OJ Simpson's could have been our favorite kind of story, one of triumph over adversity. From a child who had rickets and wore leg braces until age five, he developed into a famous football hero who still holds the record for rushing the football more than 2,000 yards in a single season (14-game). His easy charisma and obvious dedication to the game practically dropped opportunities into his lap. From lucrative endorsement deals to TV and film roles, Simpson led a charmed life. What is most disturbing about his story is how such promise, accomplishment, and adoration could result in equally poor judgment, entitlement, and shame.
His public troubles began in 1989 with an uncontested domestic violence charge brought by his then-estranged wife, Nicole Brown Simpson. An unfortunate series of legal problems and odd behaviors ensued. Much like his role in The Naked Gun
, the real Simpson's life became a mix of incredible blunders and lucky breaks. His almost three-month trial joined the ranks of "most watched television." A PBS program reported, "On October 3, 1995, an estimated 150 million people stopped what they were doing to witness the televised verdict of the O.J. Simpson trial." During the time the trial was being held, the most popular shows were ER and Seinfeld, each boasting a regular viewership around 20 million. For a more recent perspective, according to a Neilson Company report, 22.76 million Americans tuned in to the royal wedding of Prince William and Catherine Middleton. Neilson also reported that an estimated 111.3 million people watched the 2012 Super Bowl.
Many believed that the jury returned a "not guilty" verdict for fear of another race riot like 1992 LA riots that followed the Rodney King beating. In a 1995 Gallup Poll of 639 Americans, 38% of people surveyed reported that "the jury considered race in making their decision," and 34% reported that "race determined the verdict." A 1999 Gallup Poll revealed that despite the verdict, many thought that Simpson was guilty. When asked if they thought Simpson had actually committed the murders, they answered: 36% definitely; 38% probably; 15% probably not; only 6% answered definitely not, and another 6% did not respond.
Once the trouble started, Simpson seemed to emerge every few years with a new criminal act. Simpson's low-speed car chase was widely publicized and made his white Ford Bronco famous. In 1997, the families of the deceased were awarded $33.5 million in damages for the wrongful death of Goldman and the battery of Brown. By changing his residence to Florida, Simpson narrowly escaped having all of his assets seized by the California courts. Still, his finances were severely diminished and his reputation irreparably tarnished. He had unpaid taxes, a bitter attitude, and still managed to win the custody battle for the two children he fathered with Brown, against Brown's surviving parents.
In 2007, Simpson was arrested for multiple felony counts, including armed robbery, assault with a deadly weapon, criminal conspiracy, and kidnapping. He claimed that he was retrieving stolen memorabilia items from the Las Vegas hotel room he and three others forcibly entered. This time, the jury found him guilty, and Judge Glass passed a severe sentence of 33 years in prison, with the possibility of parole in 2017 (9 years). At age 61 at the time of the verdict, Simpson is not likely to take his last breath outside the walls of the Lovelock Correctional Center.

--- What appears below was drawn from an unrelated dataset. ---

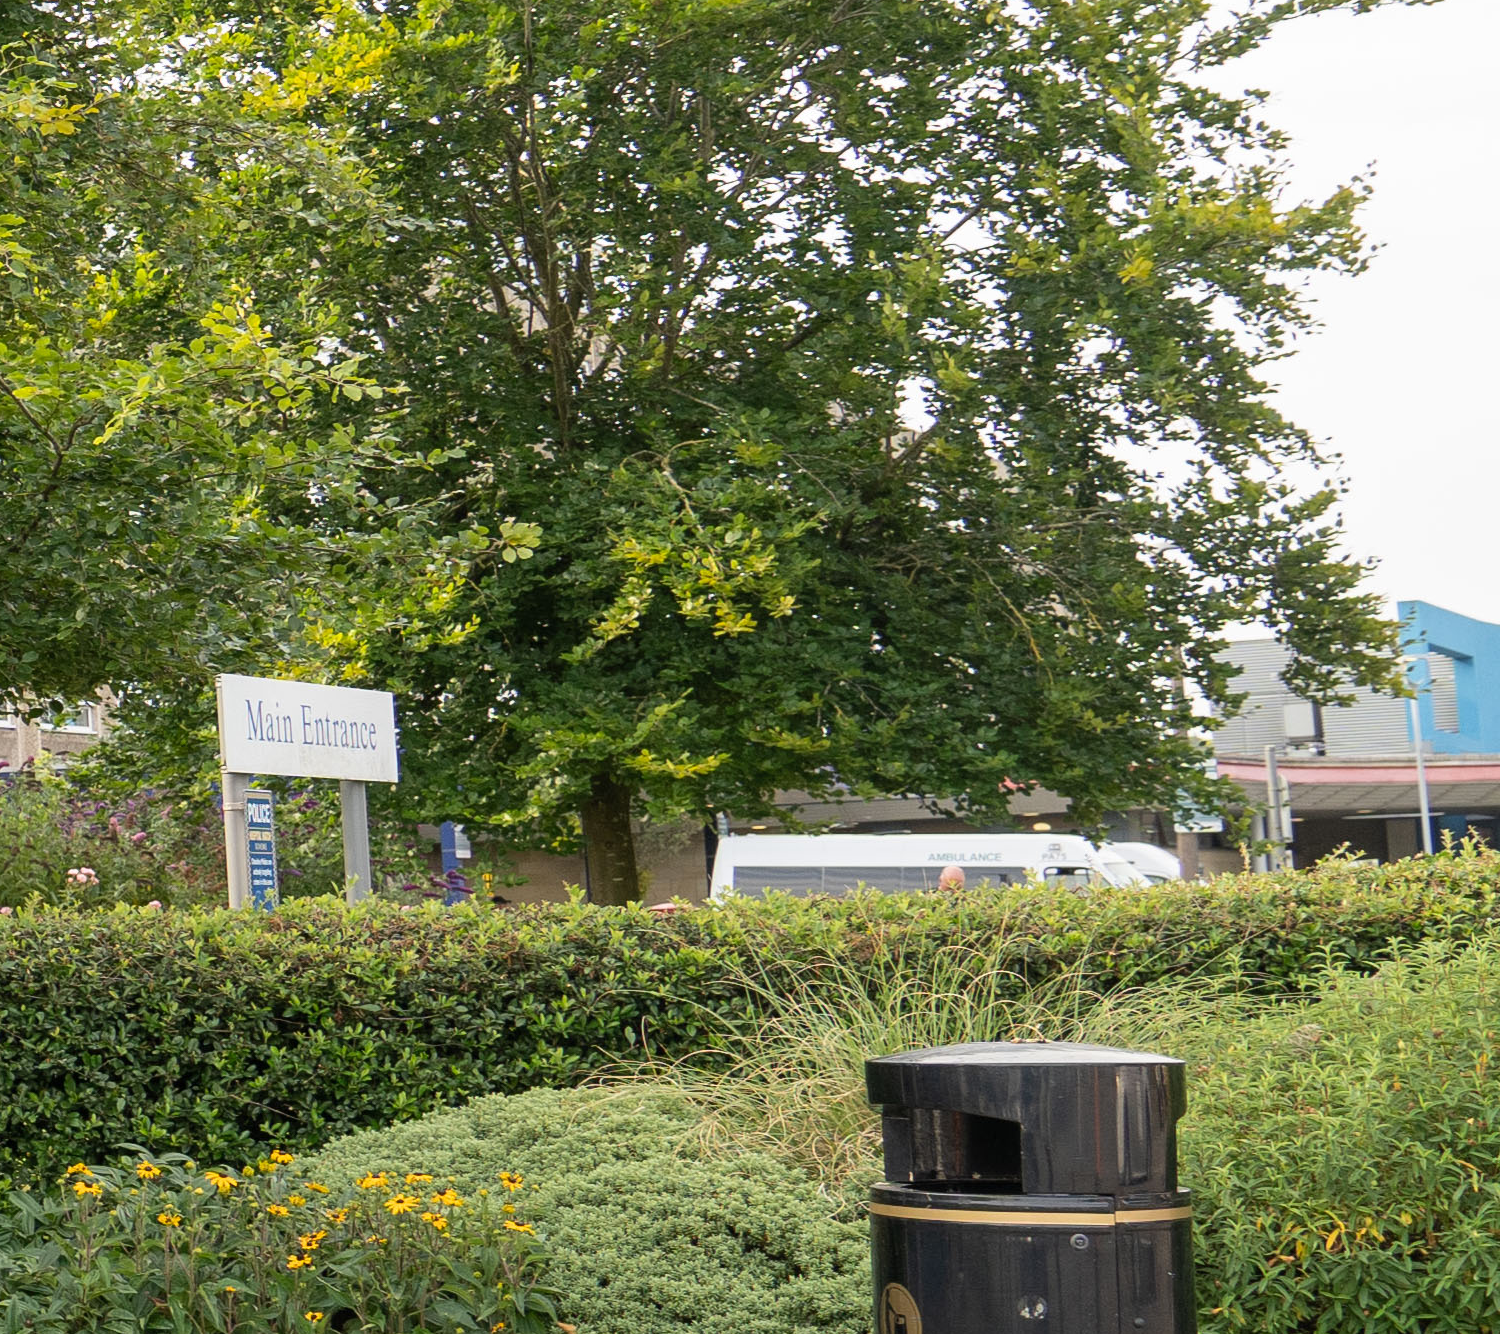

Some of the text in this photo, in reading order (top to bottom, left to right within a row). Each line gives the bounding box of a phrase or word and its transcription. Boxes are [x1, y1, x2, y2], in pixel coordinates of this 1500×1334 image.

[245, 699, 378, 750] Main Entrance
[247, 803, 271, 824] POLICE
[927, 852, 1002, 862] AMBULANCE

According to 2009 data from the CDC's National Center for Health Statistics, the life expectancy of a black male is 70.9 years. Also working against Simpson's hope of seeing the outside again is that the State of Nevada has a death rate 6% above the national average. Had he committed his crime in Florida or California, he may have benefited from the lower death rates 9% and 12% below the national average, respectively (CDC, 2009). If he survived to parole, he may fall victim to an odd irony that affects former prison inmates. The New England Journal of Medicine (2007), sites that there is a greater risk of death within the first two years after release from prison. Within 2 weeks after release, inmates were 12.7 times more likely to die than their Washington state counterparts. Overall, the death rate of former inmates was 3.5 times that of their counterparts. The death rate was lower among inmates in Simpson's age category than in younger inmates.
Most recently, there have been rumors that Simpson will confess to the murders of Brown and Goldman on a televised interview with Oprah. Some rumors say that Simpson has already confessed to one of Oprah's producers, stating that he killed Brown and Goldman in self-defense.
The question is really not whether Simpson will survive prison, but how he will use the rest of his life. His story can teach us that we are all responsible for our choices; one lie or bad decision, not interrupted with a healthy dose of personal responsibility, can lead anyone down a long and dark path. Simpson's tremendous luck is also a reminder that we are often gifted in spite of ourselves and not all the things that are out of our control are bad.
What can I do?
Make amends. No one of us is guaranteed a job, a relationship, a home, our health, or the very next moment. Take personal responsibility for something you did. I suggest it be something that is incongruent with the person you want to be. The results may surprise you.